Self driving car running over udacity's "unity car simulator" using Convolutional neural networks.

Primary LanguagePythonMIT LicenseMIT

Simulated Self Driving Car

Overview

This is the code for training a machine learning model to drive a simulated car using Convolutional Neural Networks. I used Udacity's self driving car simulator as a testbed for training an autonomous car.

Demo

Simulated Self Driving Car Project Demo

Dependencies

  1. You can install all dependencies by running one of the following commands

    You need a anaconda or miniconda to use the environment setting.

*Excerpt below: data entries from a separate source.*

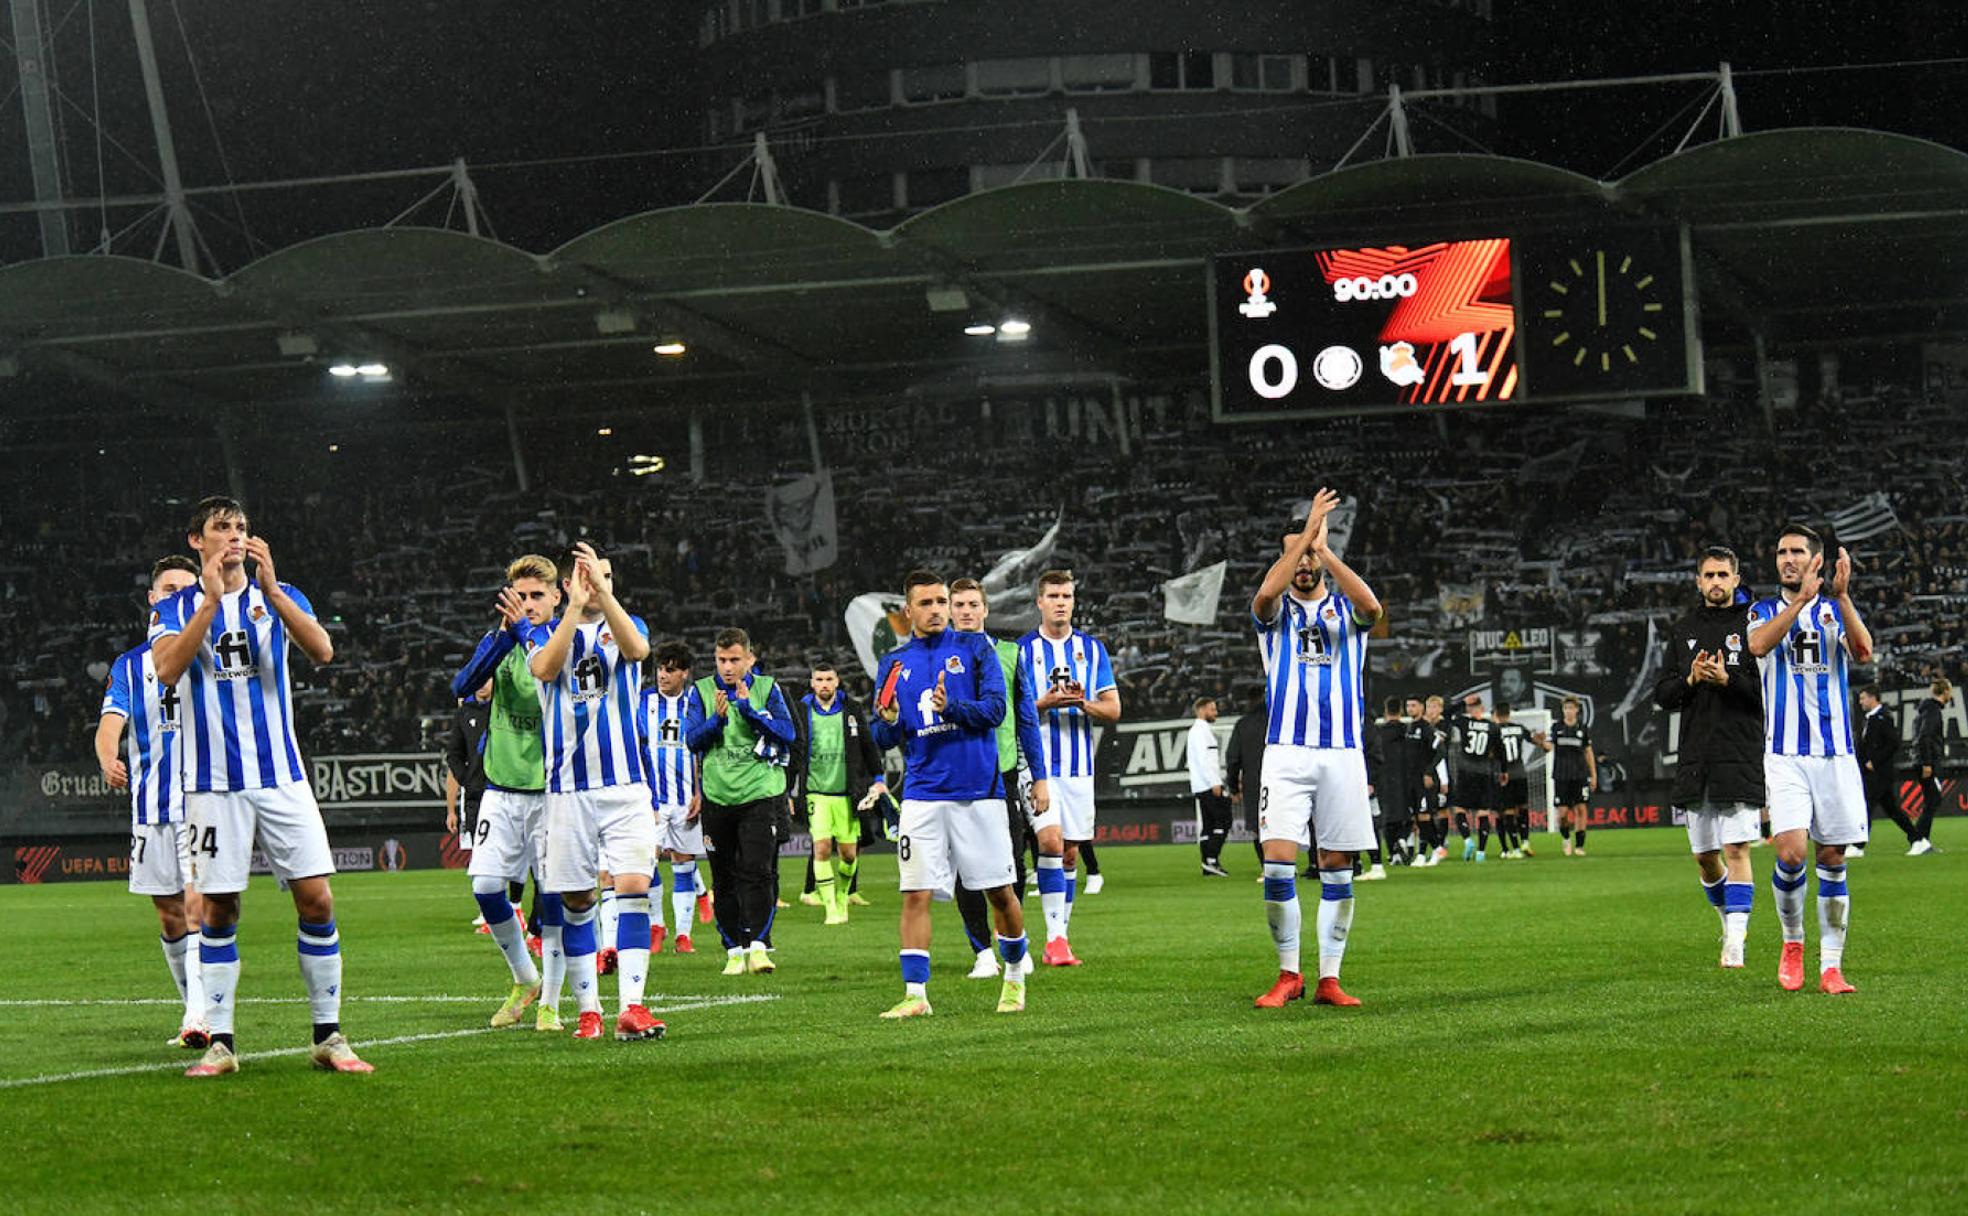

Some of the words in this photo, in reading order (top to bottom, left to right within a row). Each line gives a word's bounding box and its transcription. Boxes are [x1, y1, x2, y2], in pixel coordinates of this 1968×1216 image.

[1333, 272, 1418, 302] 90:00
[1248, 344, 1299, 399] 0
[1449, 332, 1489, 386] 1
[1465, 730, 1489, 755] 30
[1503, 736, 1518, 763] 11
[189, 823, 219, 859] 24
[1095, 822, 1161, 843] EAGUE
[62, 857, 103, 875] UEFA
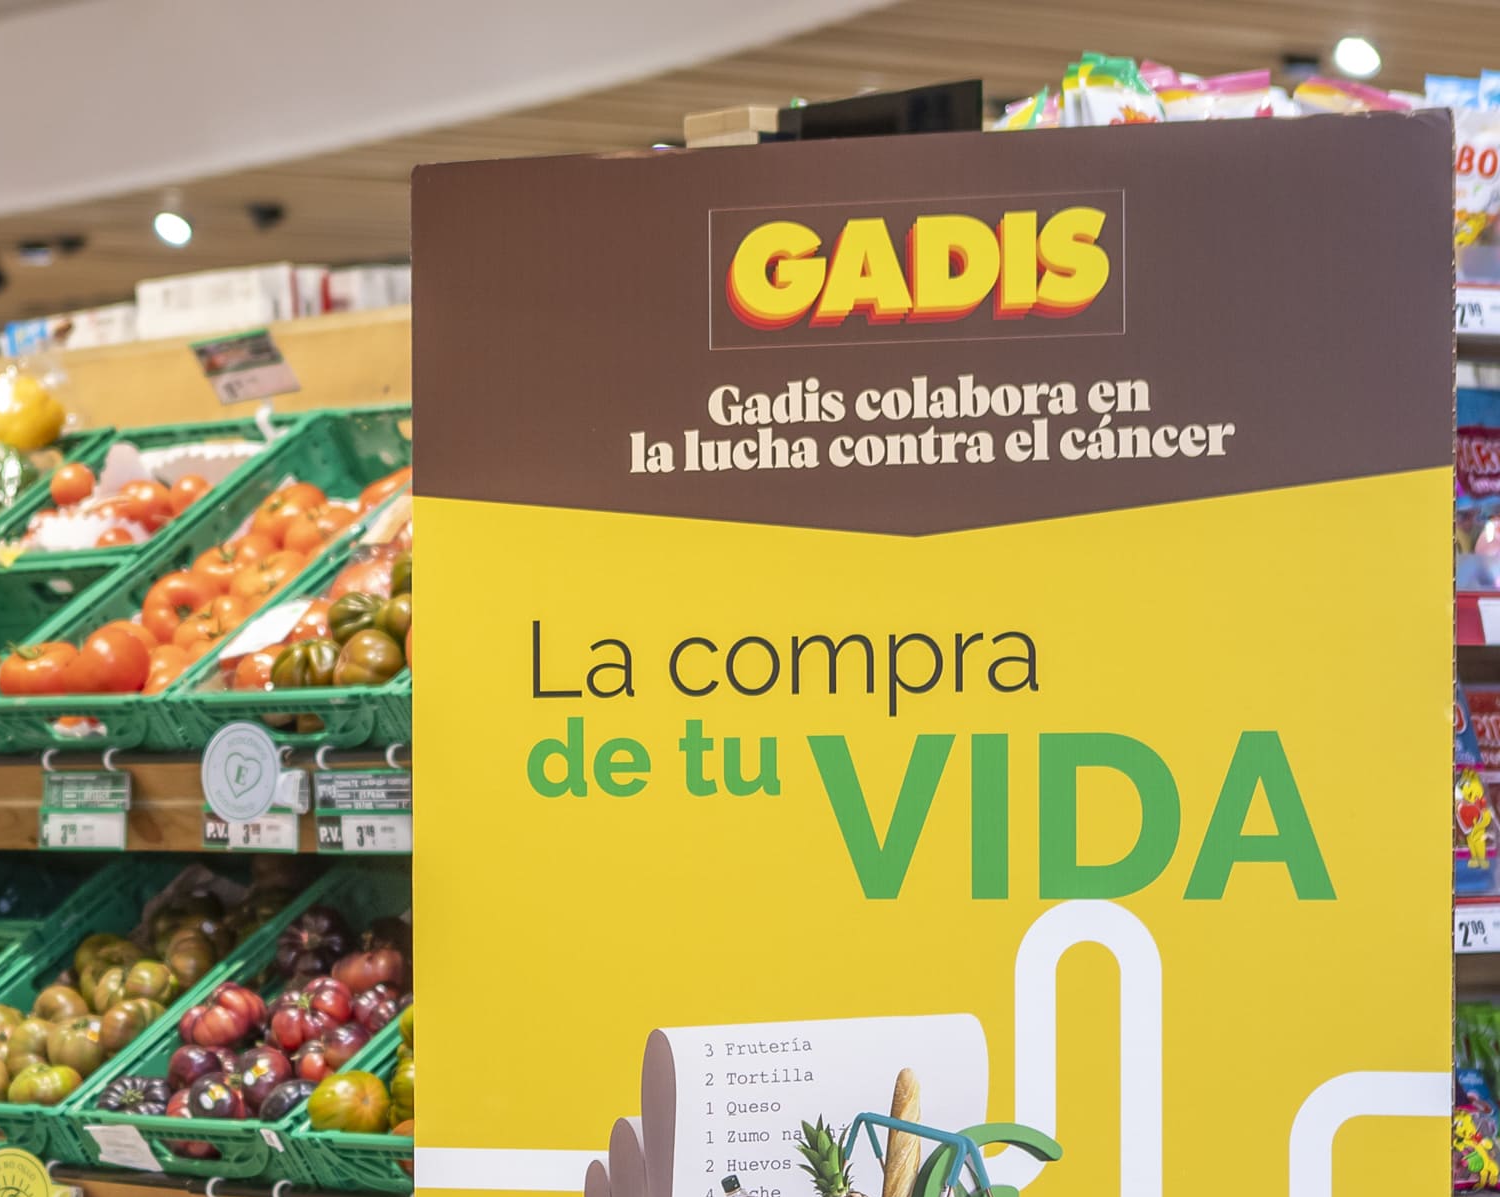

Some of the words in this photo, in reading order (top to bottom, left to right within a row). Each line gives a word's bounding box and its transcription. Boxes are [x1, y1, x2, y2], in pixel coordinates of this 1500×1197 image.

[726, 206, 1112, 332] GADIS
[707, 377, 846, 426] Gadis
[855, 374, 1079, 421] colabora
[1087, 379, 1151, 414] en
[629, 431, 676, 474] la
[683, 427, 820, 472] lucha
[828, 425, 996, 468] contra
[1004, 417, 1050, 462] el
[1059, 413, 1236, 461] cáncer
[532, 620, 635, 699] La
[668, 631, 1039, 718] compra
[526, 716, 652, 798] de
[678, 719, 781, 797] tu
[806, 730, 1338, 901] VIDA
[703, 1043, 715, 1058] 3
[724, 1037, 813, 1057] Frutería
[704, 1072, 715, 1087] 2
[725, 1068, 815, 1086] Tortilla
[705, 1101, 715, 1115] 1
[726, 1101, 782, 1117] Queso
[705, 1130, 715, 1144] 1
[726, 1130, 771, 1143] Zumo
[705, 1159, 715, 1173] 2
[726, 1158, 793, 1173] Huevos
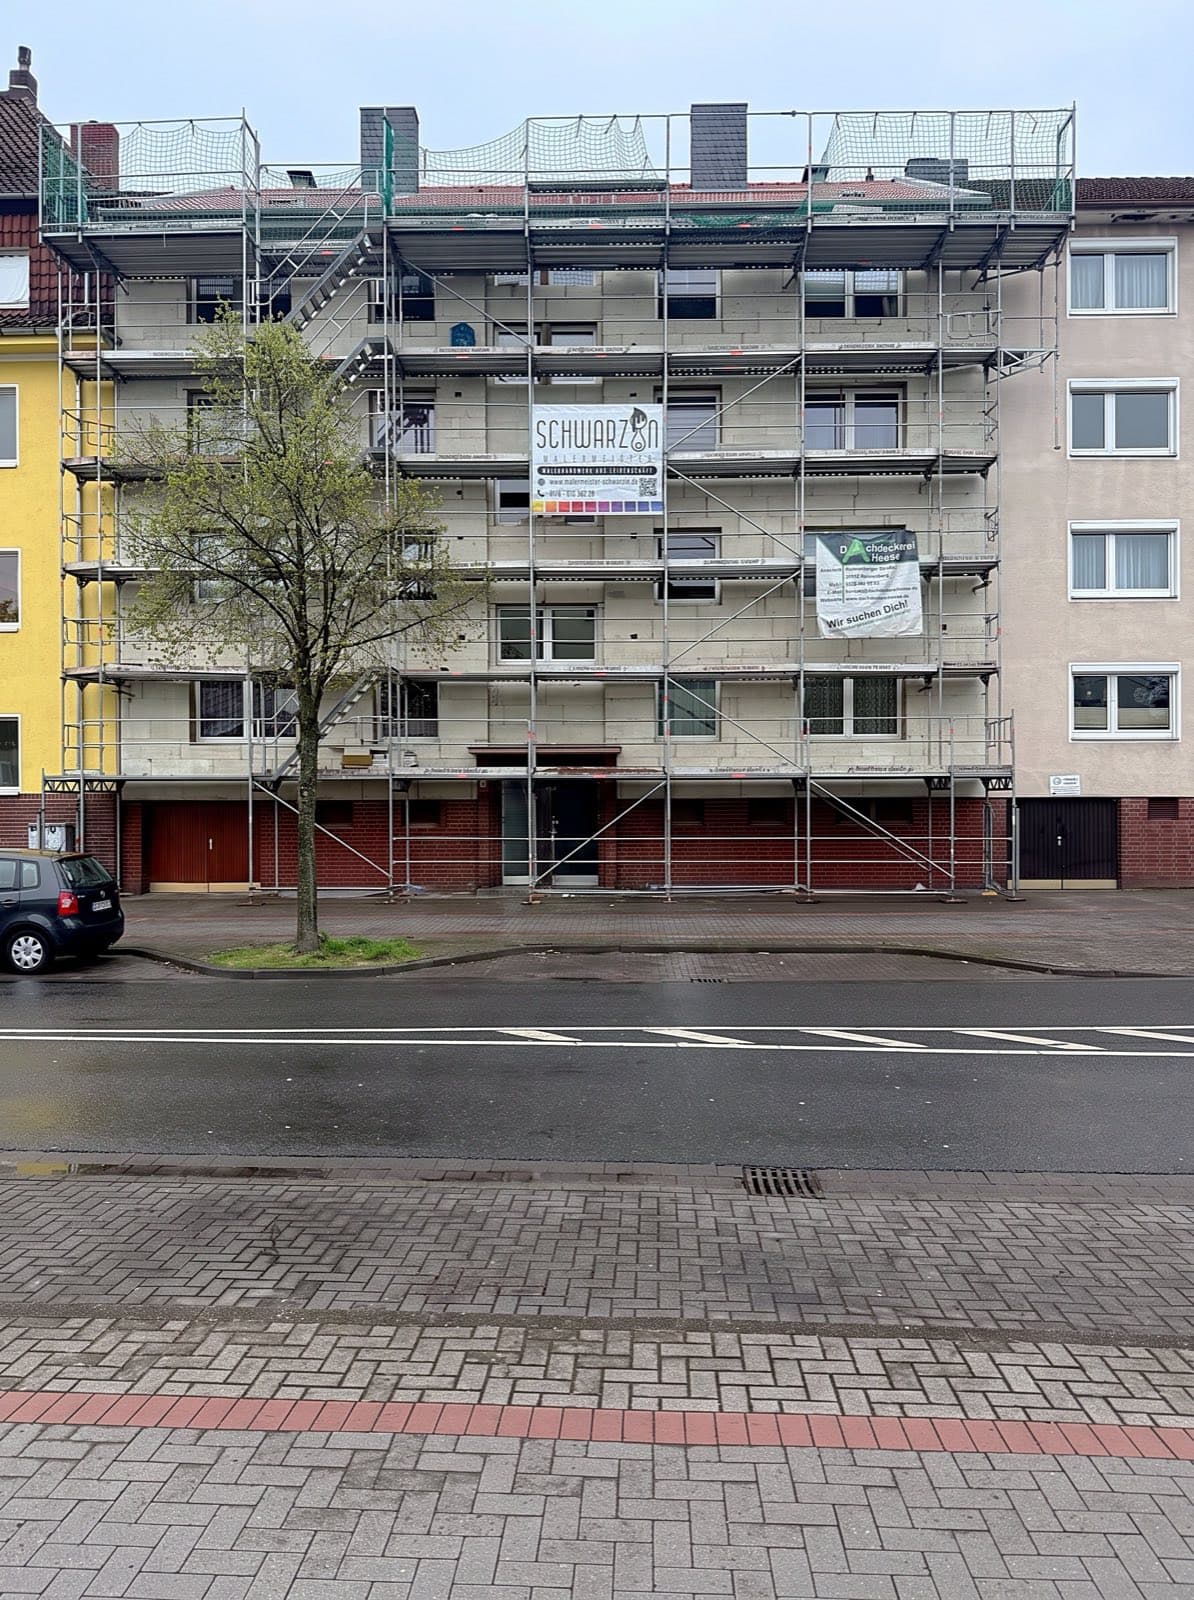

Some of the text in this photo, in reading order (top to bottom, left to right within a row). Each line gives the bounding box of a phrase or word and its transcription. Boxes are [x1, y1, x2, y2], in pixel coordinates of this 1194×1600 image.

[871, 553, 901, 563] Heese
[826, 619, 844, 629] Wir
[846, 609, 882, 625] suchen
[883, 600, 909, 613] Dich!
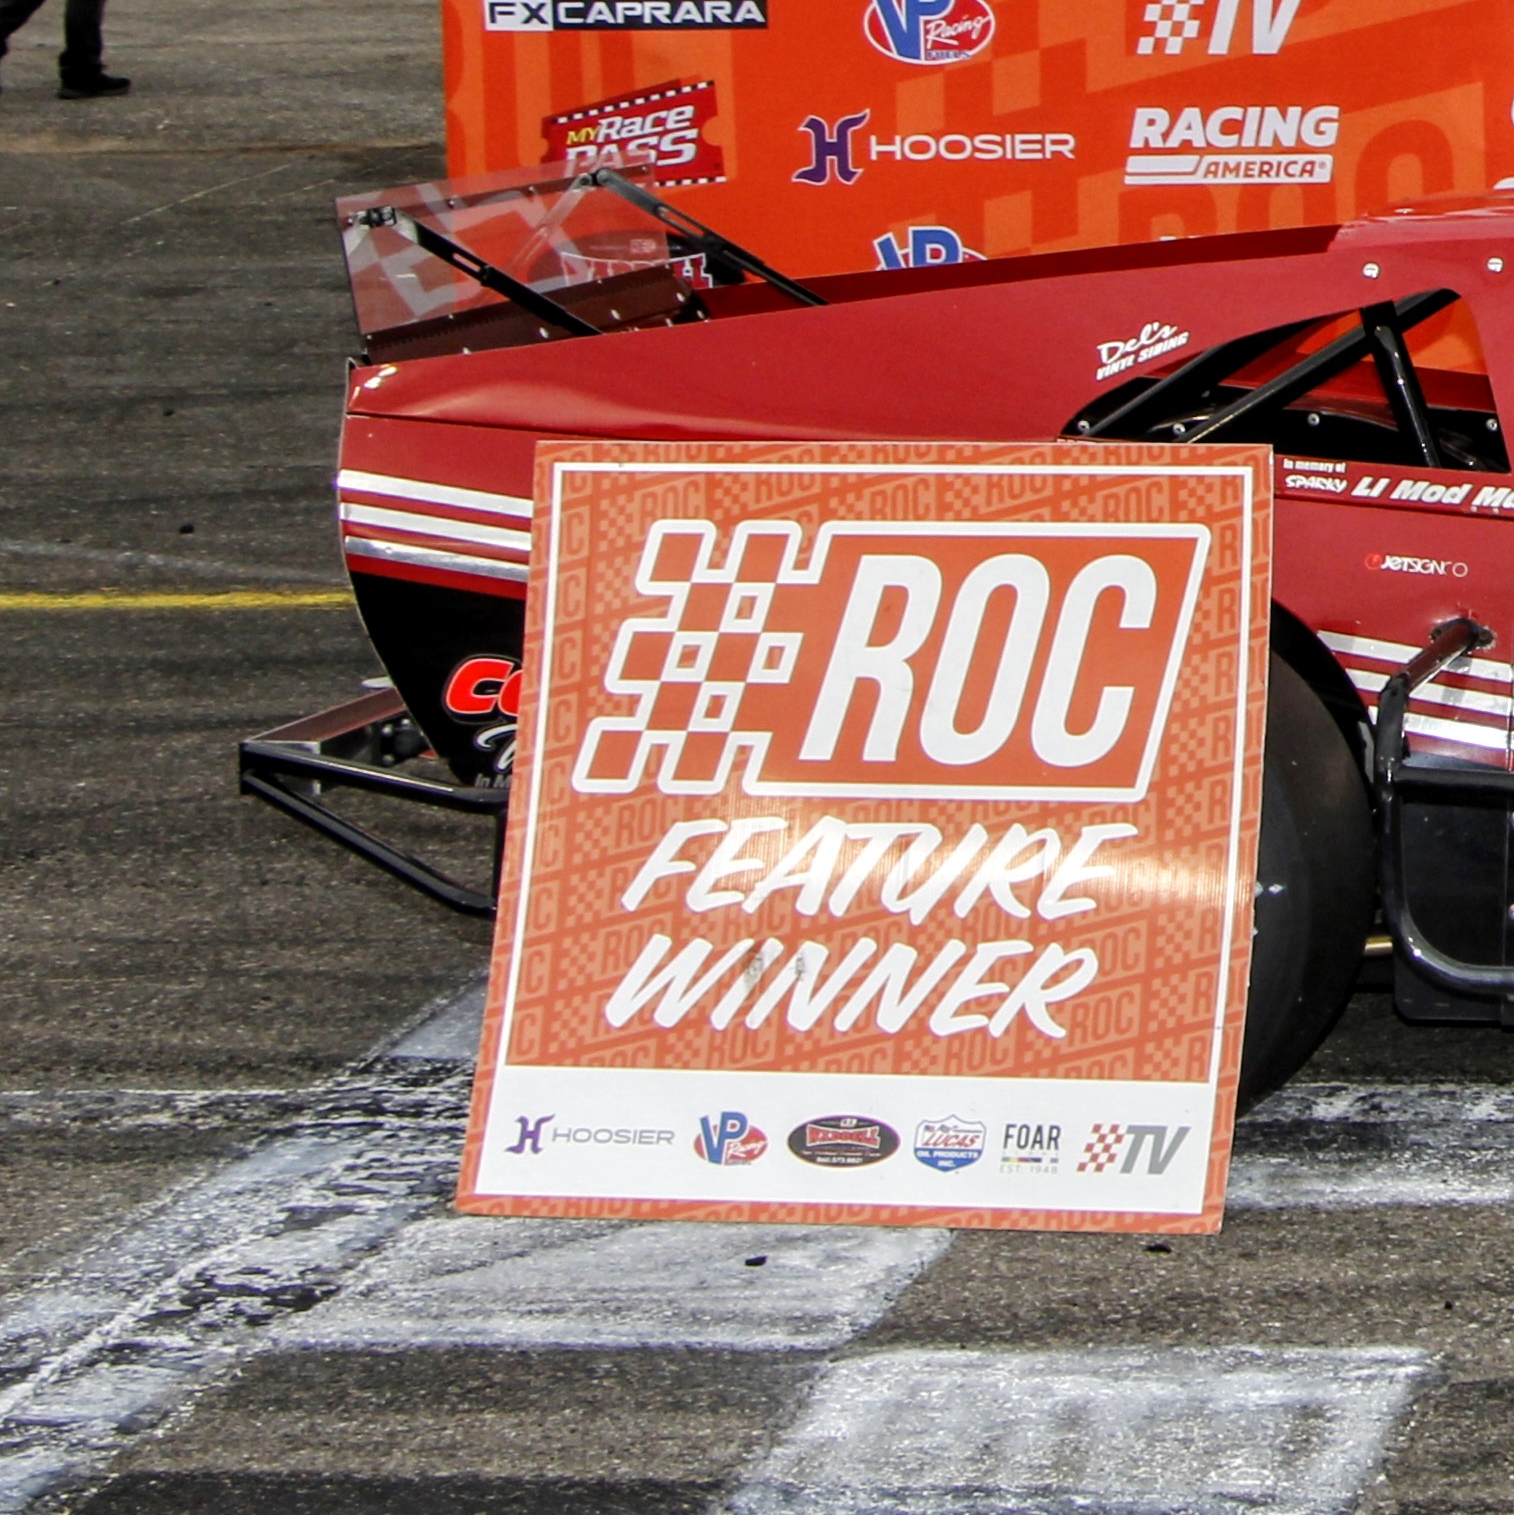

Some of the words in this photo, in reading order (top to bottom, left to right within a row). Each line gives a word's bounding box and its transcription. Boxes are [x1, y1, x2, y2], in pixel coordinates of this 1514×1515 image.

    # Use TensorFlow without GPU
    conda env create -f environments.yml
    
    # Use TensorFlow with GPU
    conda env create -f environment-gpu.yml

    Or you can manually install the required libraries (see the contents of the environemnt*.yml files) using pip.

  2. Download Udacity's self driving car simulator from here.

Usage

Clone this repository

Type the following commands in your terminal:

cd path/to/directory/you/like/
git clone https://github.com/anubhavshrimal/Simulated_Self_Driving_Car.git
cd Simulated_Self_Driving_Car/

Run the pretrained model

Start up the Udacity self-driving simulator, choose a scene and press the Autonomous Mode button. Then, run the model as follows:

python drive.py model-mix.h5

To train the model

  1. Start up the Udacity self-driving simulator, choose a scene and press the Training Mode button.

  2. Then press R key and select the data folder, where our training images and CSV will be stored.

  3. Press R again to start recording and R to stop recording. Let the processing of video complete.

  4. You should do somewhere between 1 and 5 laps of the simulated road track.

  5. The run the following command:

    python model-mix.py

This will generate a file model-<epoch>.h5 whenever the performance in the epoch is better than the previous best. For example, the first epoch will generate a file called model-000.h5.

Vote of Thanks

NVIDIA's paper: End to End Learning for Self-Driving Cars for the inspiration and model structure.

Siraj Raval & naokishibuya for the knowledge and code help.